O grupo oferece acesso para 26 agrônomos e 60 especialistas vinícolas que trabalham em seus próprios laboratórios, um serviço mecânico de colheita, um serviço de fumigação aéreo com drones e uma equipe de apoio técnico que inclui Juan Garro, engenheiro agrônomo que é coordenador técnico da Fecovita há mais de uma década.

“Embora muitas ferramentas digitais tenham surgido, trabalhamos com pequenos produtores que passaram por dificuldades para incorporar isso, por não terem acesso a dispositivos inteligentes ou ao Wi-Fi”, diz Garro. “Tivemos um caso, uma experiência muito particular durante a pandemia, por exemplo, em que, de forma acelerada, aprendemos a gerenciar todas as redes sociais, toda a questão das plataformas de videochamadas e, nesse caso, até mesmo produtores de 60, 65 ou até 70 anos, que nunca tinham tocado em uma ferramenta, imediatamente pegaram a mecânica, começaram a se conectar, participaram de reuniões de treinamento.”

Agora, aos poucos, com uma aplicação simplificada que funciona apenas com o clique de um botão, eles estão adotando a tecnologia nos seus vinhedos, conta Garro.

Juan Garro, engenheiro agrícola e agronomista, é o coordenador técnico da FECOVITA, uma federação de 5.000 pequenos vitivinicultores na Argentina. (Foto de Fernando de la Orden)

Os vinicultores conseguem tomar decisões mais rapidamente ao terem especialistas a sua disposição para assessorá-los “praticamente 24 horas por dia”, sem ter que esperar que técnicos ou agrônomos manuseiem seus vinhedos para diagnosticar problemas, diz Garro. E a plataforma digital da Fecovita facilita o upload da documentação exigida pelos compradores, em um mundo em que a rastreabilidade oferece uma vantagem competitiva à medida que os consumidores se tornam mais interessados pela sustentabilidade e práticas ambientalmente corretas. Além disso, alguns registros digitais podem ser acessados pela equipe da cooperativa para ajudá-la a garantir a qualidade dos vinhos do grupo.

“Agora podemos ver tudo o que já foi feito com a uva Malbec que entrou no lote nº X e acabou na garrafa nº Y”, diz Garro. “E se tivermos algum tipo de problema, podemos voltar para identificar exatamente o que aconteceu no caminho.”

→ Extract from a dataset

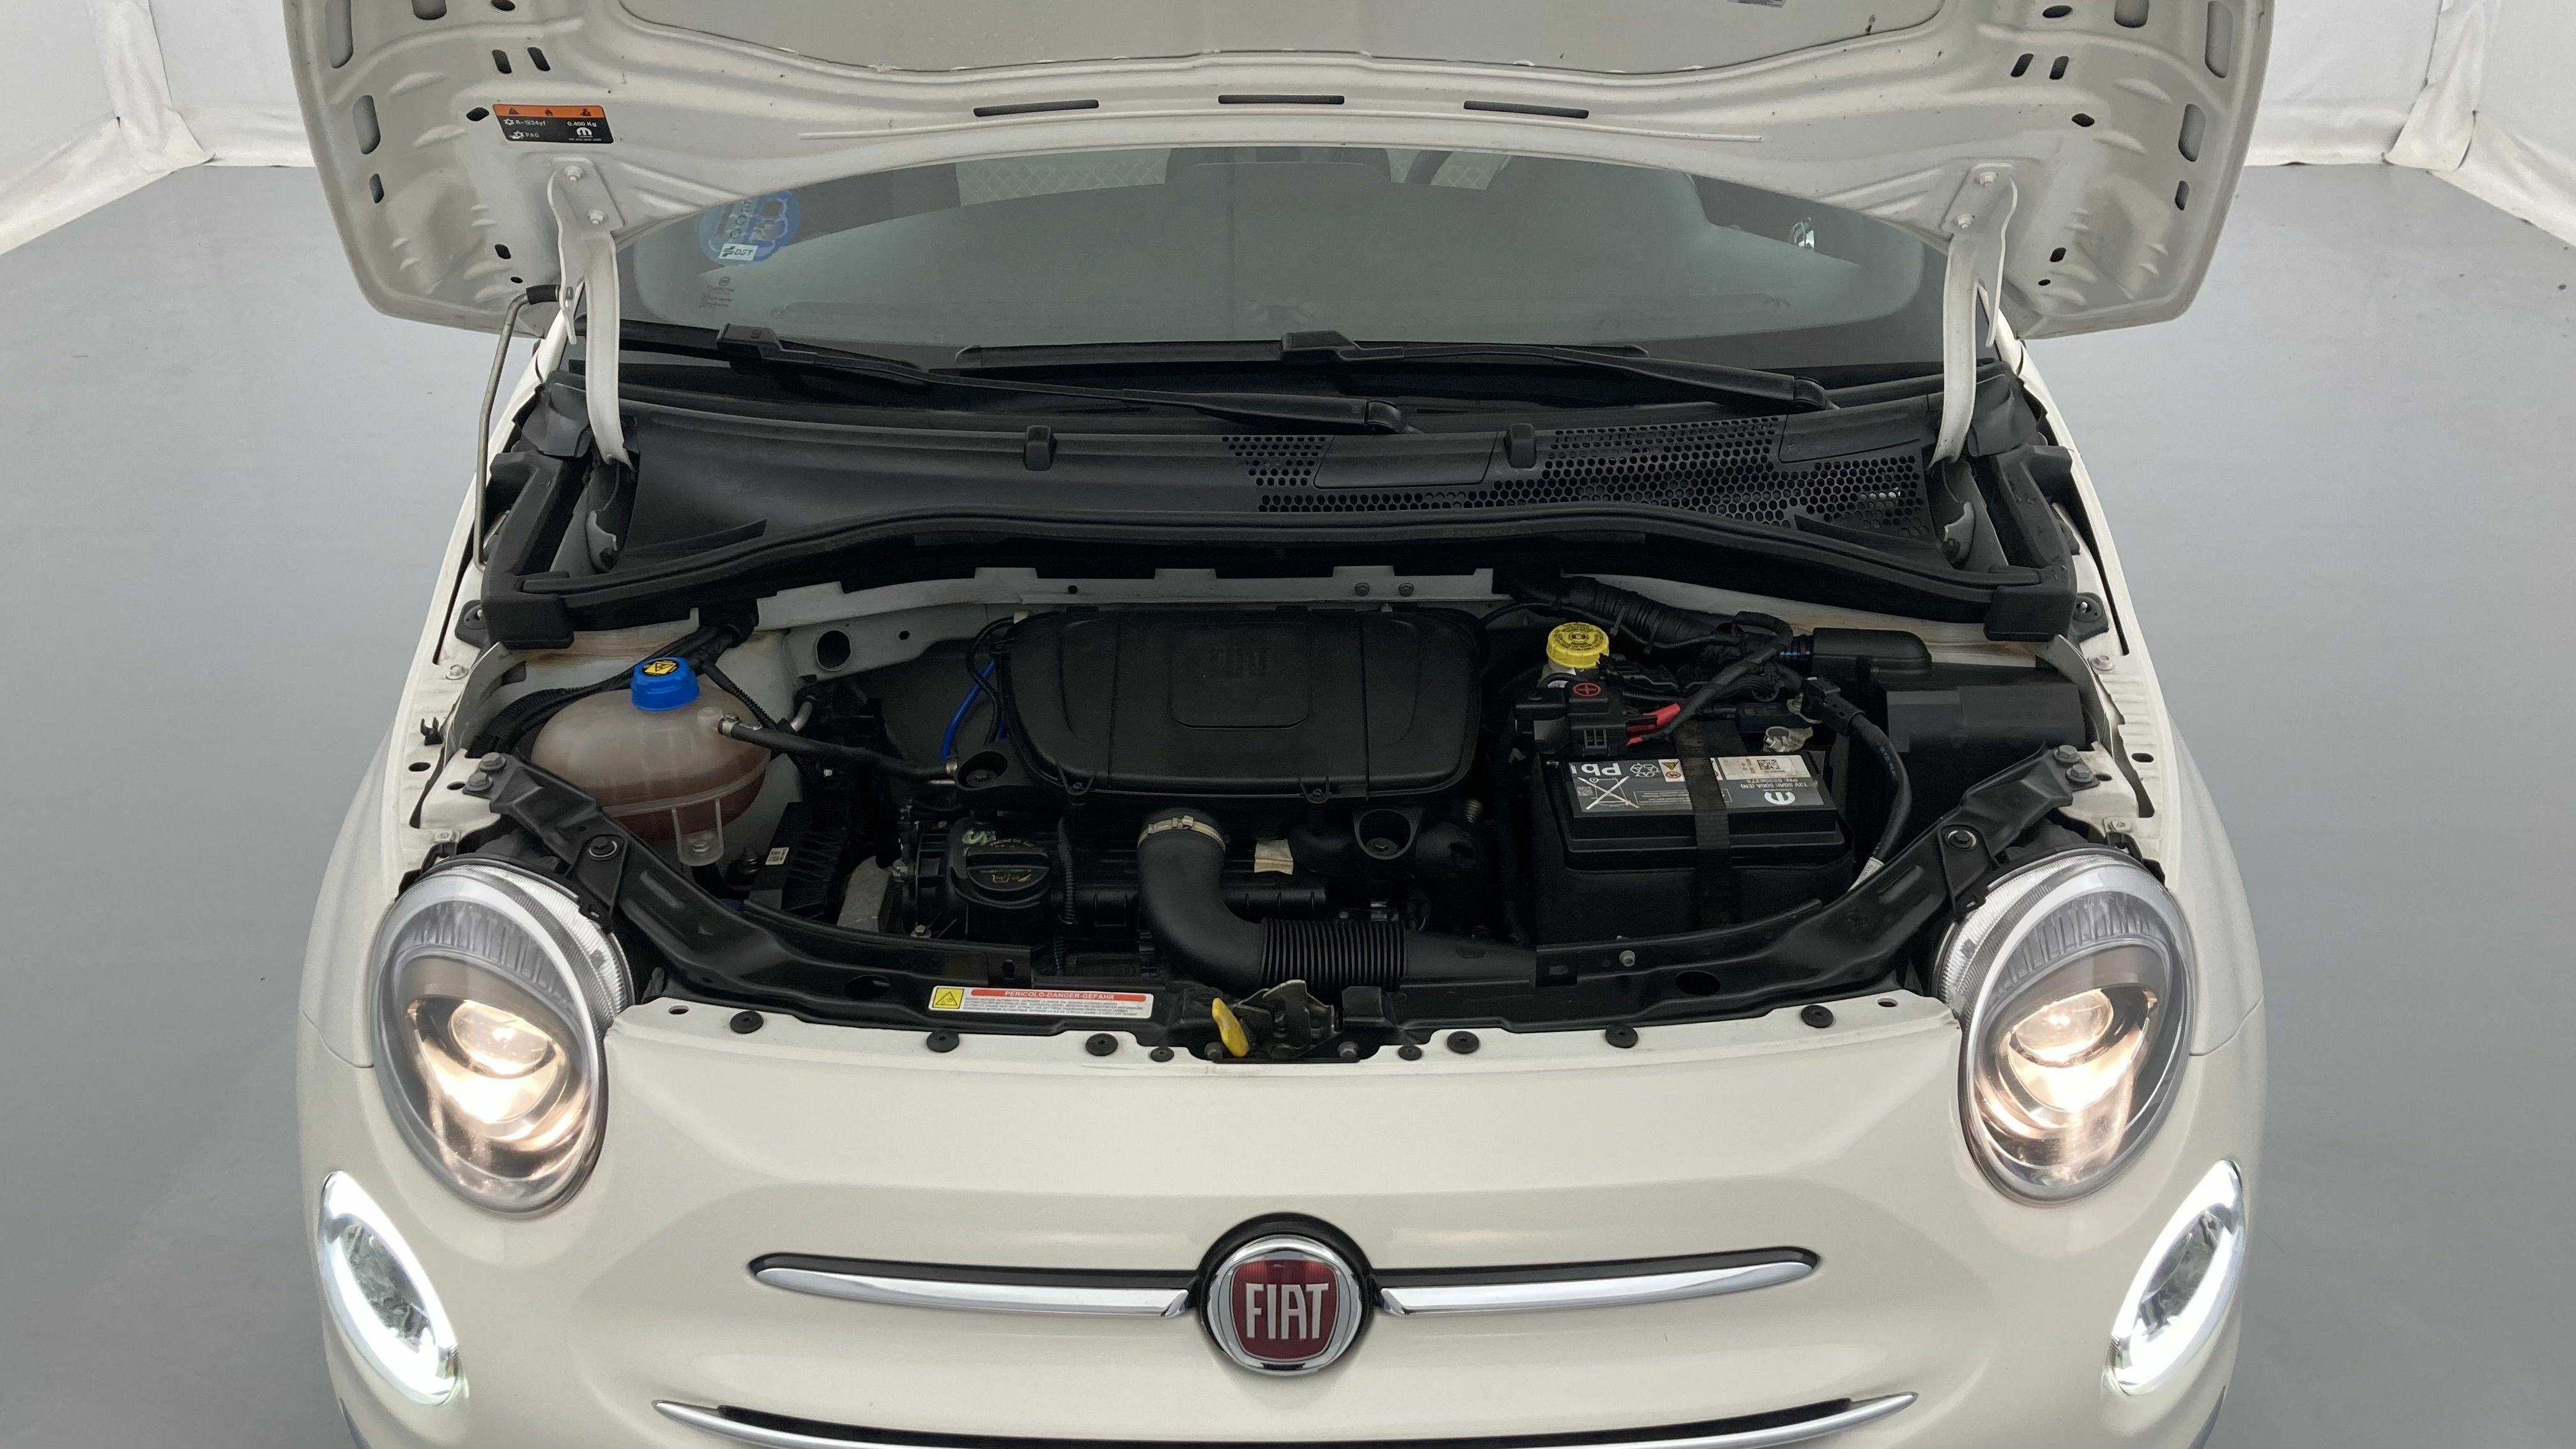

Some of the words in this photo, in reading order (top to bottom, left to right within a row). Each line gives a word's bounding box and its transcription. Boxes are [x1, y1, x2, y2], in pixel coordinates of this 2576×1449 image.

“Os consumidores, ou seja, os revendedores, os potenciais consumidores dos Estados Unidos, do Canadá, de todo o mercado global, já estão nos solicitando a rastreabilidade do produto, então esses são os grandes benefícios para o produtor, que tem uma ferramenta muito interessante na palma da mão para ver o que está acontecendo no seu campo. Ao mesmo tempo, tem um suporte documental para tudo o que ele faz no seu vinhedo, o que hoje é muito importante para os mercados”, diz.

Desde que começou a trabalhar com a equipe técnica da Fecovita, Panella observou um aumento na produtividade, com uma redução nos custos e no tempo gasto, o que a ajuda a competir melhor com vinicultores maiores em um setor nacional de mais de 1.200 vinícolas, de acordo com o governo de Mendoza. O sistema transmite imagens de satélite aos agrônomos da Fecovita, que a ajudam a monitorar seus vinhedos e a consultá-los virtualmente por meio do aplicativo, para evitar possíveis problemas e manter a produção saudável e livre de ervas daninhas. O aplicativo a alerta sobre a possibilidade de geada, para que seja possível planejar com antecedência a proteção das uvas.

Talvez o mais importante, dada a seca de uma década em Mendoza, os dispositivos nos poços de Panella agora permitem que ela comece a bombear água para suas plantações com um simples clique no aplicativo, não importa onde ela esteja, reduzindo o uso de água por meio de uma irrigação mais precisas. Ao combinar isso com o serviço de diagnóstico da Fecovita, que fornece ferramentas e instrumentos para medir o pH da água e tornar os tratamentos fitossanitários mais eficientes, alguns produtores conseguiram aproveitar recursos hídricos. Isso é feito utilizando também medidores de vazão, que medem o fluxo e regulam a distribuição de água na fazenda.

“Podemos ver todos os insumos e as quantidades de tudo o que usamos para analisar se estamos otimizando o uso de nossos recursos e se estamos indo na direção certa ou não”, diz Panella. “É uma combinação de atributos humanos com tecnologia que está nos guiando em direção a uma maior eficiência e nos ajudando a ser mais competitivos”. completa.